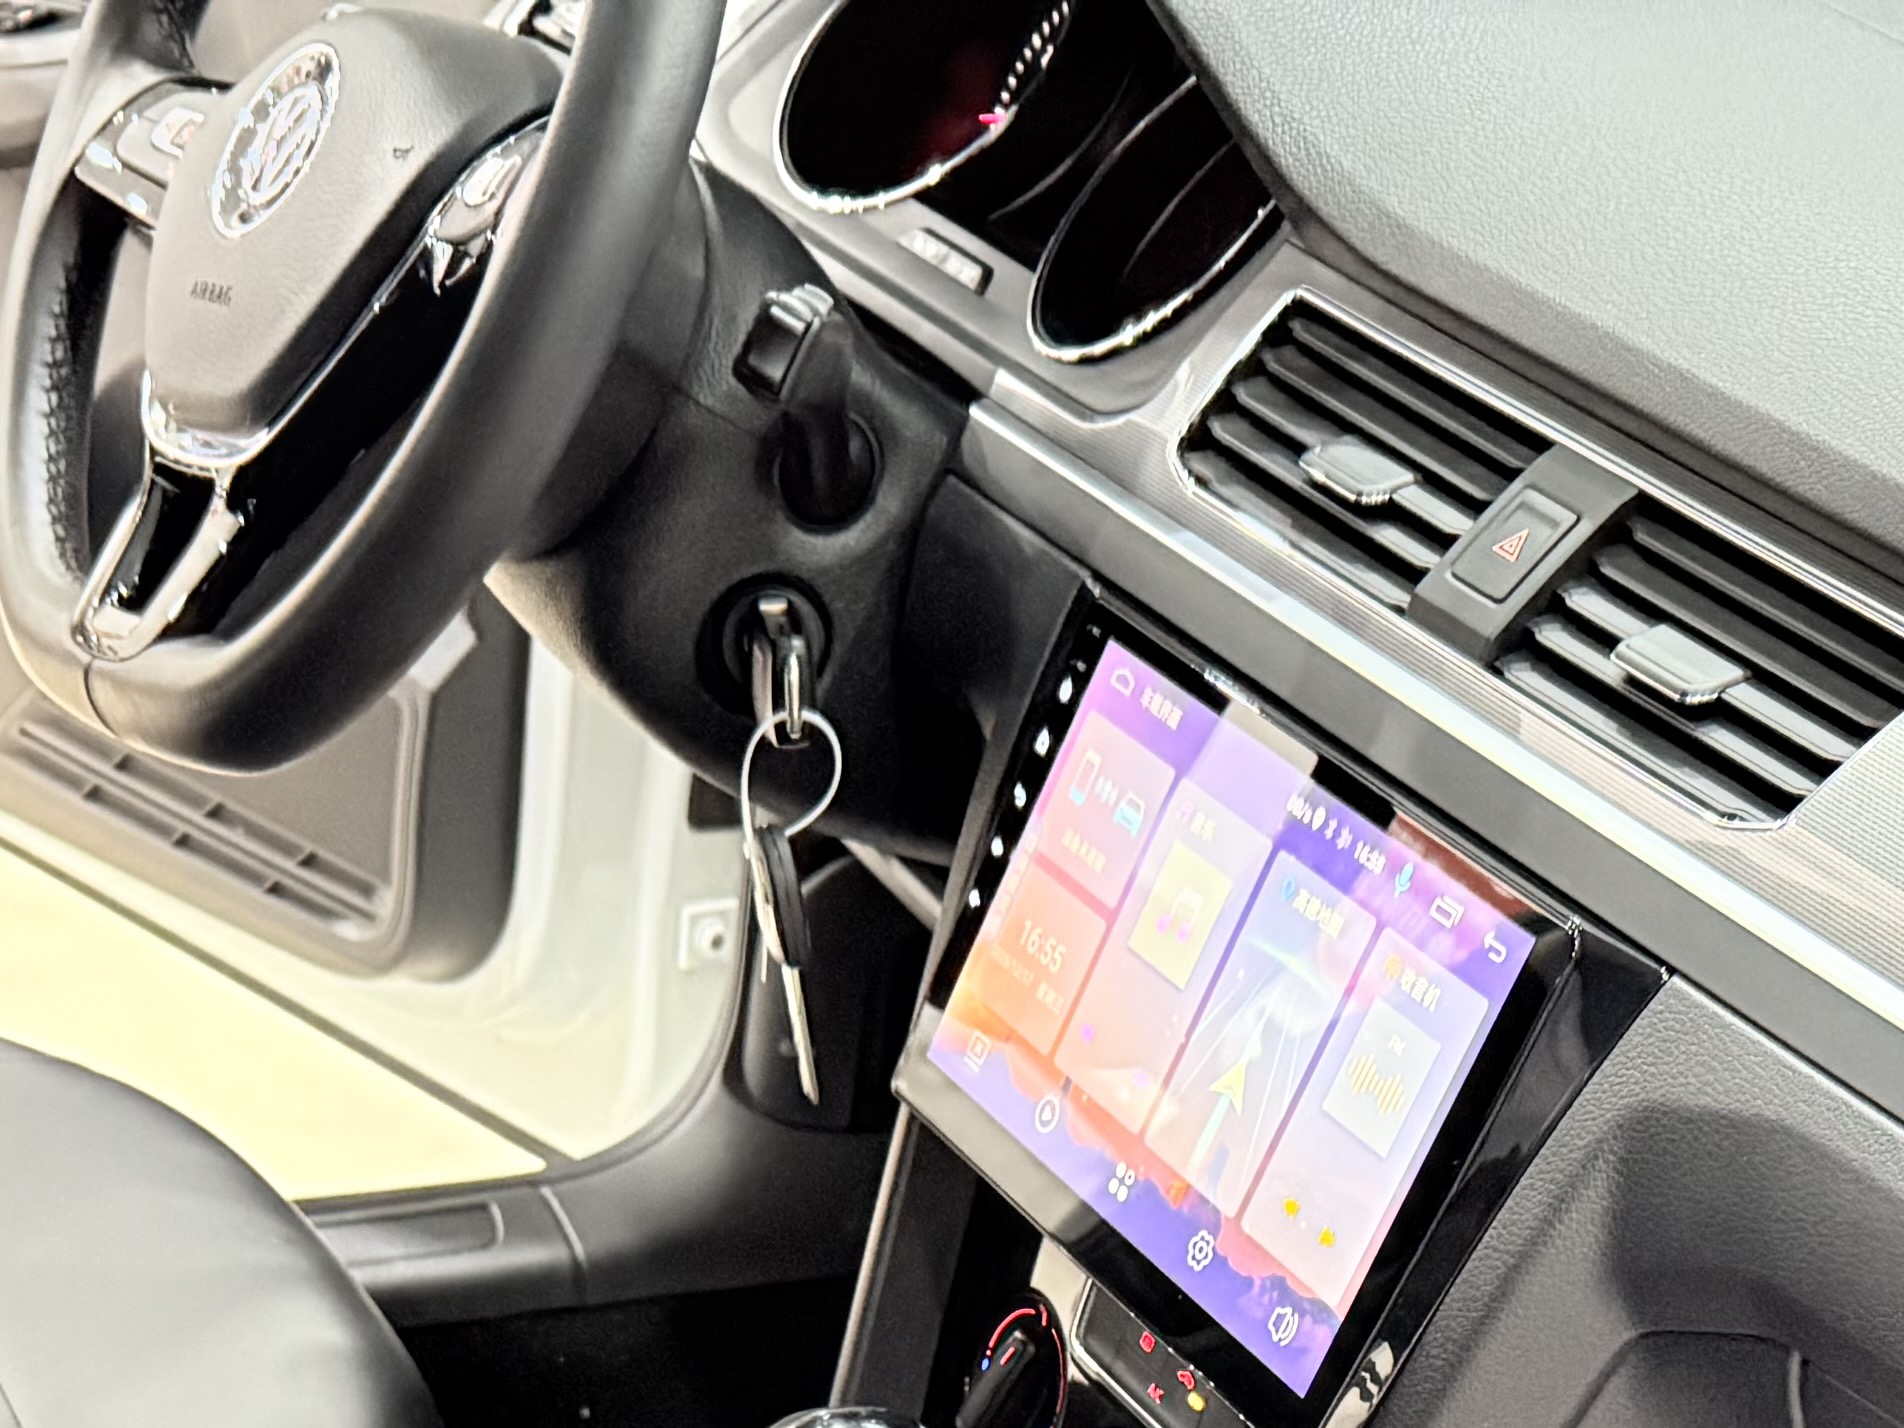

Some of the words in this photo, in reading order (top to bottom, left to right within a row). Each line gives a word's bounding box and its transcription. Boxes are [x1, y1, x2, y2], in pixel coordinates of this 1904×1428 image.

[190, 279, 233, 307] AIRBAG
[1293, 888, 1346, 940] 高德地图
[1020, 919, 1067, 974] 16:55
[1399, 967, 1442, 1014] 收音机
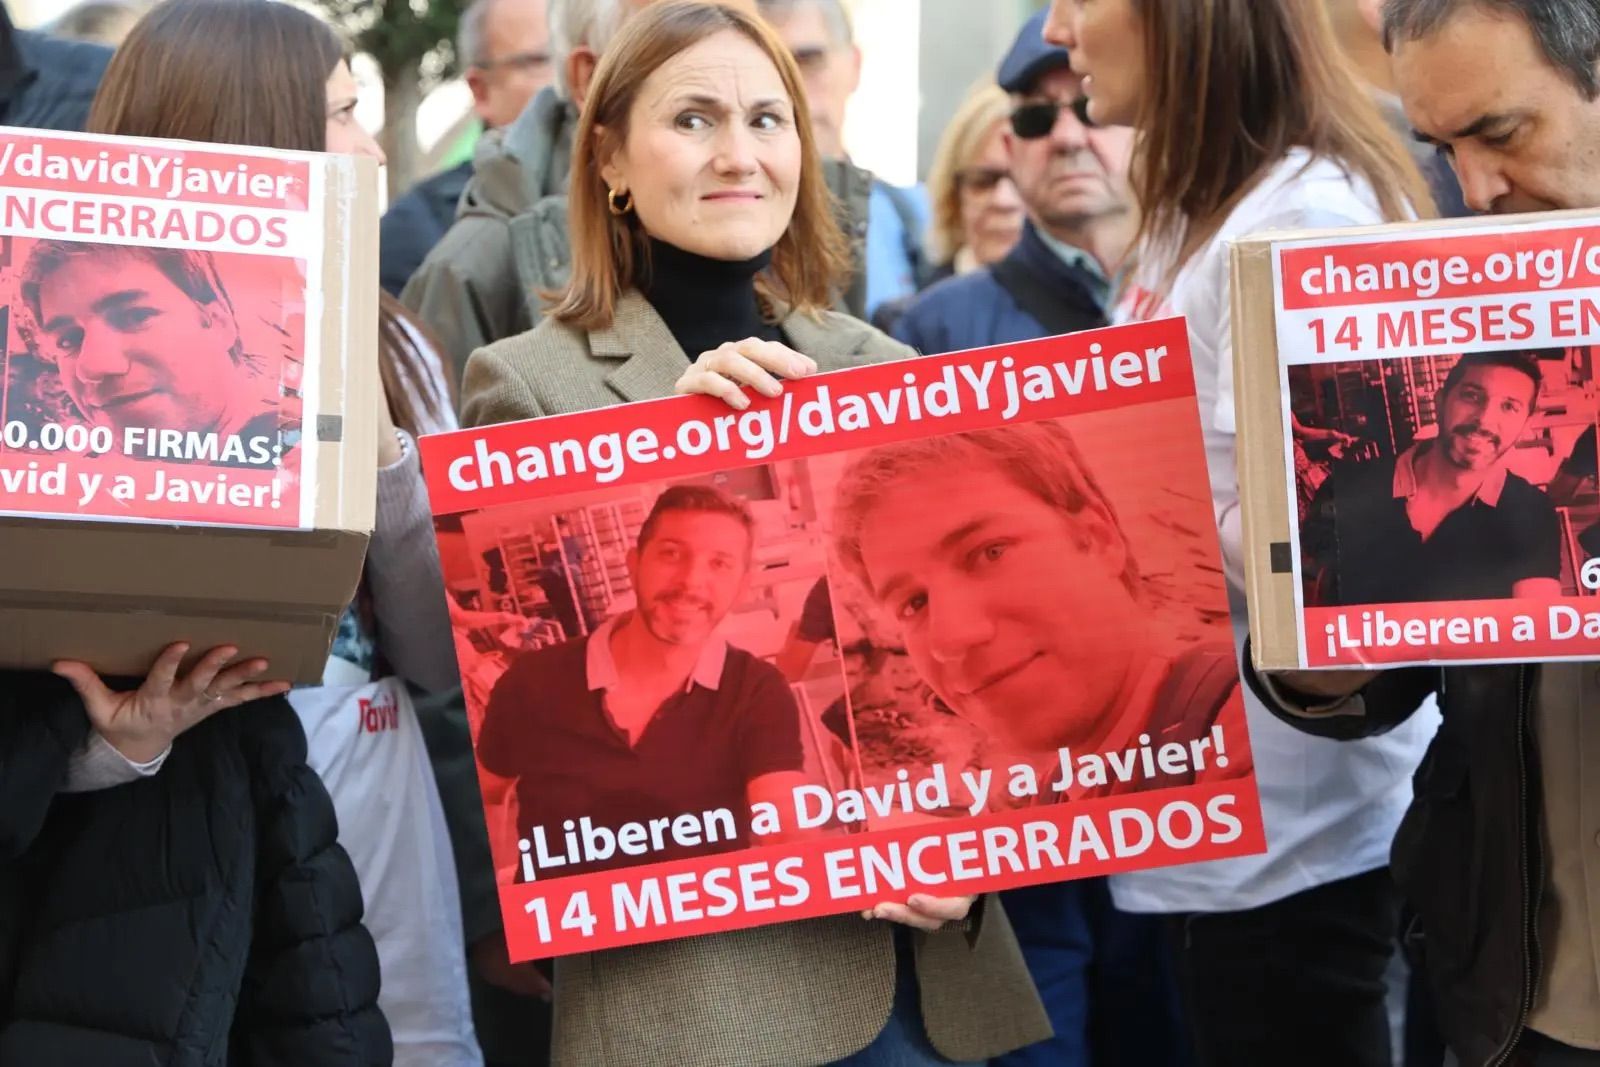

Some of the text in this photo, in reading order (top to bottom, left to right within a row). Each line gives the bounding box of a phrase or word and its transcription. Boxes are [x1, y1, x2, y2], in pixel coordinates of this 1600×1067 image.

[5, 195, 287, 248] NCERRADOS
[1307, 315, 1362, 354] 14
[1377, 302, 1535, 350] MESES
[0, 420, 282, 466] 0.000 FIRMAS:
[448, 343, 1168, 492] change.org/davidYjavier
[0, 461, 282, 509] vid y a Javier!
[1326, 610, 1499, 658] ¡Liberen
[1511, 615, 1536, 642] a
[518, 725, 1230, 882] ¡Liberen a David y a Javier!
[524, 794, 1243, 944] 14 MESES ENCERRADOS
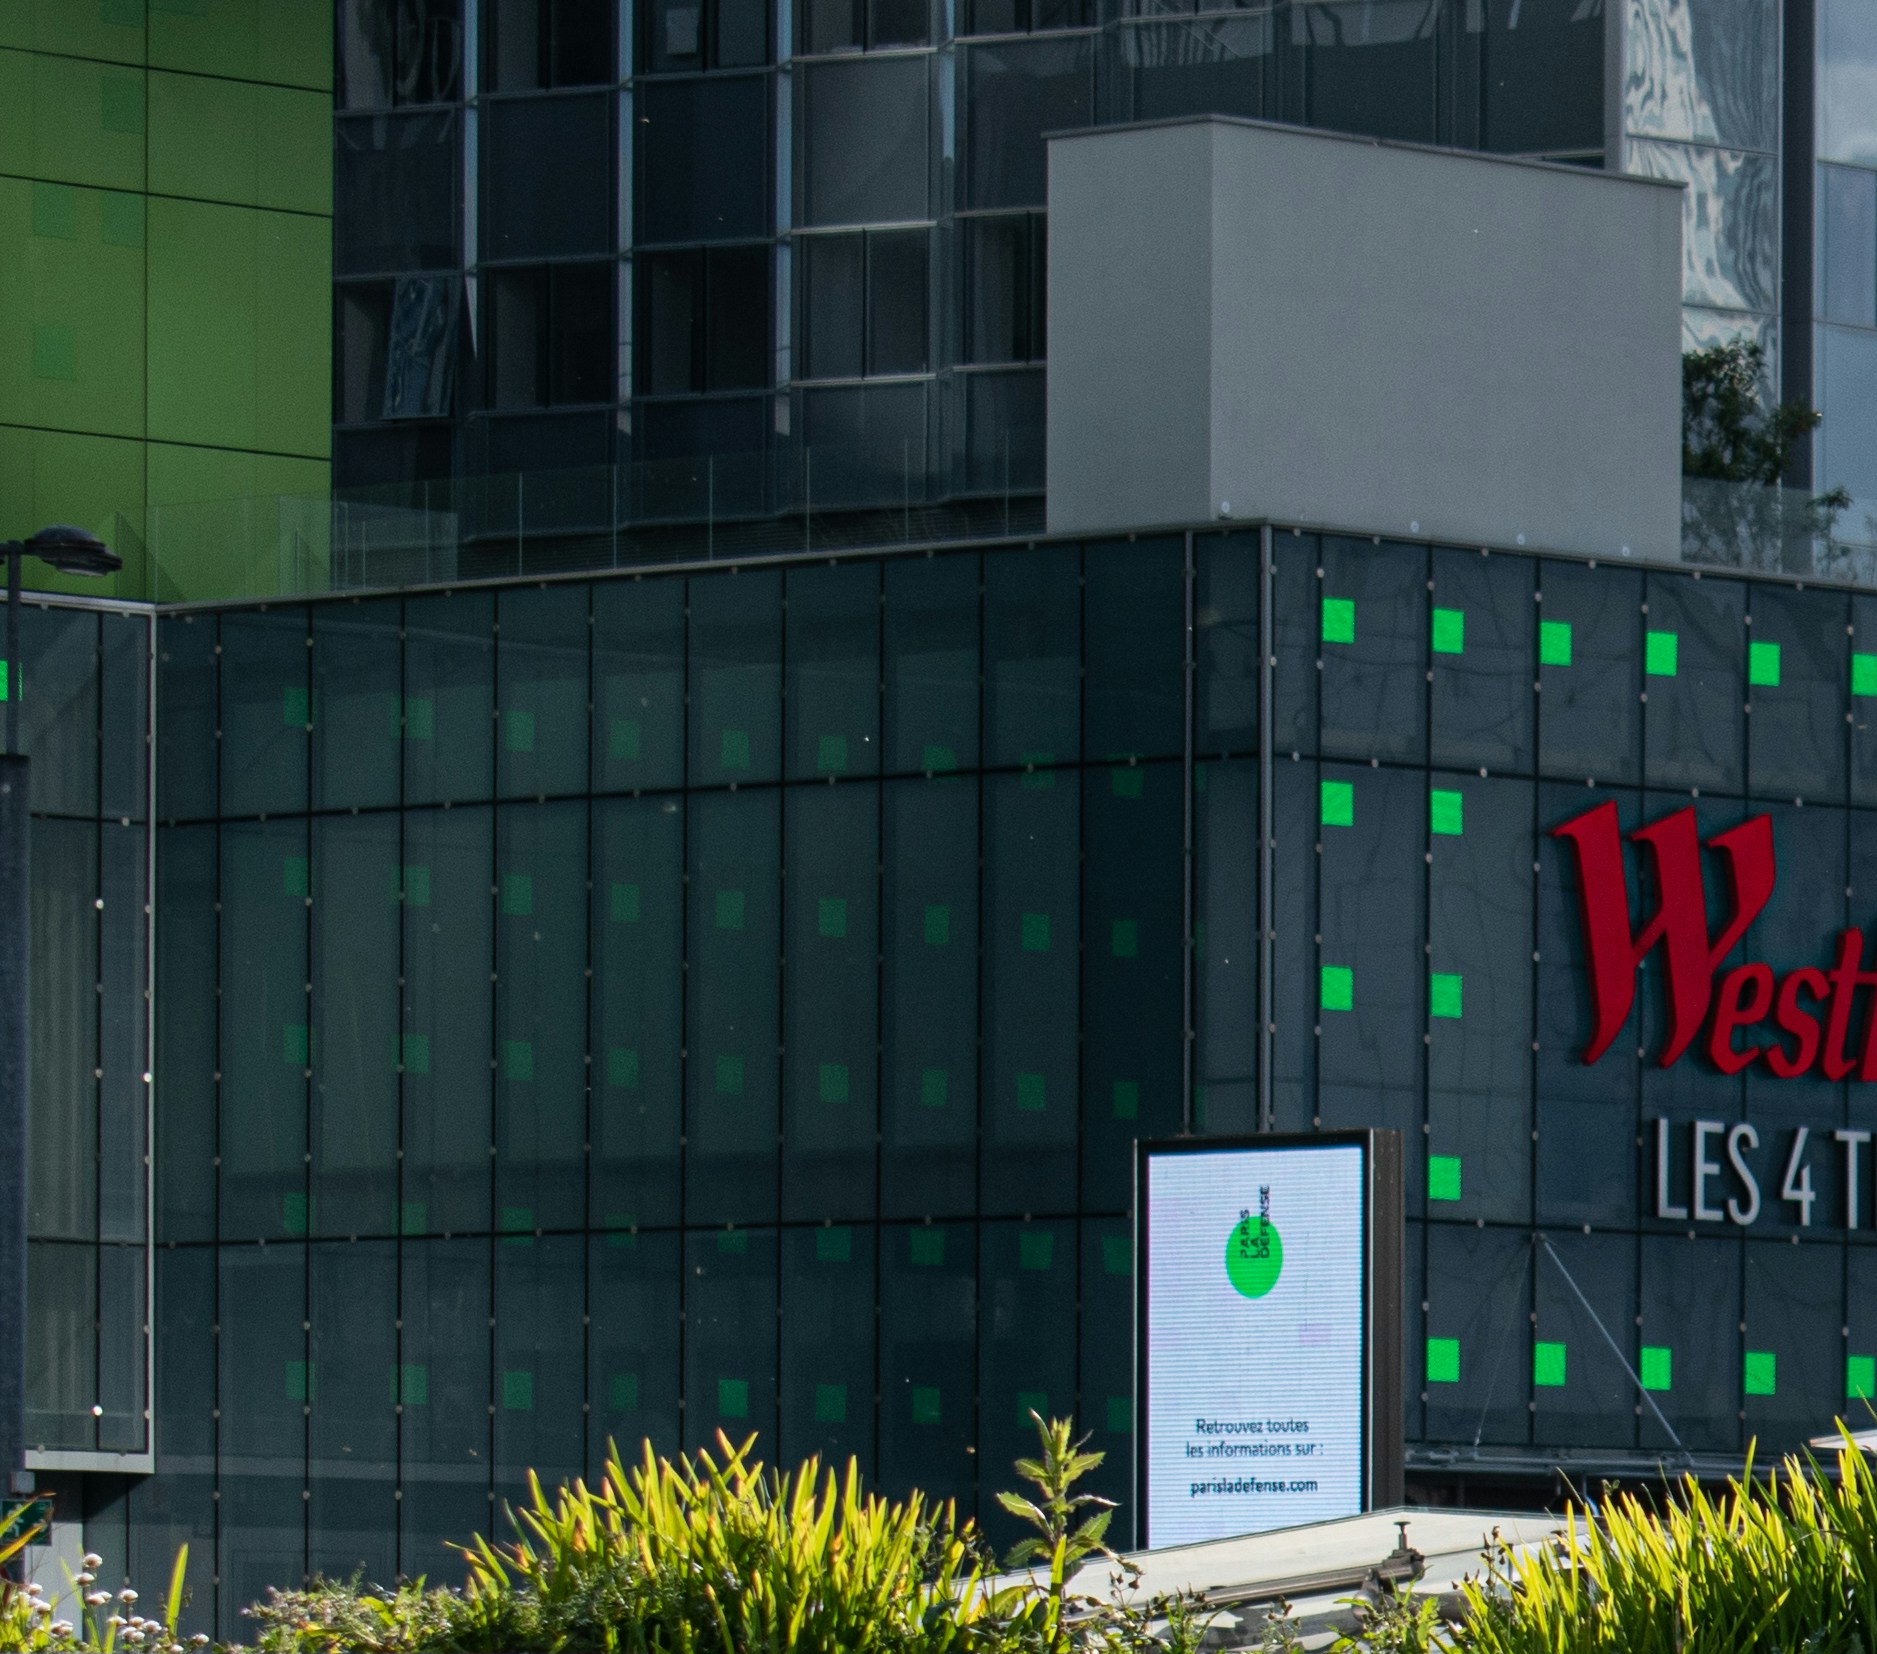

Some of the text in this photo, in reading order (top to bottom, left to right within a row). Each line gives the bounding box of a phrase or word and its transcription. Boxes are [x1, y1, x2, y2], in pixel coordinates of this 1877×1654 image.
* * * * * * *
■ What is expected ■
Reproduce each entry above word for word. Pictures are not part of the copy.

■ Answer to the problem ■
Some of the words in this photo, in reading order (top to bottom, left to right within a row). Each line gives a word's bounding box and its transcription. Boxes are [x1, y1, x2, y2], in pixel coordinates of this 1904×1428 image.

[190, 279, 233, 307] AIRBAG
[1293, 888, 1346, 940] 高德地图
[1020, 919, 1067, 974] 16:55
[1399, 967, 1442, 1014] 收音机

Some of the text in this photo, in reading order (top to bottom, left to right within a row). Each line gives the bounding box of a phrase or word and its transcription. Boxes are [x1, y1, x2, y2], in pixel coordinates of this 1600×1067 image.

[5, 195, 287, 248] NCERRADOS
[1307, 315, 1362, 354] 14
[1377, 302, 1535, 350] MESES
[0, 420, 282, 466] 0.000 FIRMAS:
[448, 343, 1168, 492] change.org/davidYjavier
[0, 461, 282, 509] vid y a Javier!
[1326, 610, 1499, 658] ¡Liberen
[1511, 615, 1536, 642] a
[518, 725, 1230, 882] ¡Liberen a David y a Javier!
[524, 794, 1243, 944] 14 MESES ENCERRADOS

Some of the text in this photo, in reading order (top to bottom, left to right within a row). Each line gives the bounding box of a phrase or word and its transcription. Boxes are [x1, y1, x2, y2], in pixel coordinates of this 1877×1654 image.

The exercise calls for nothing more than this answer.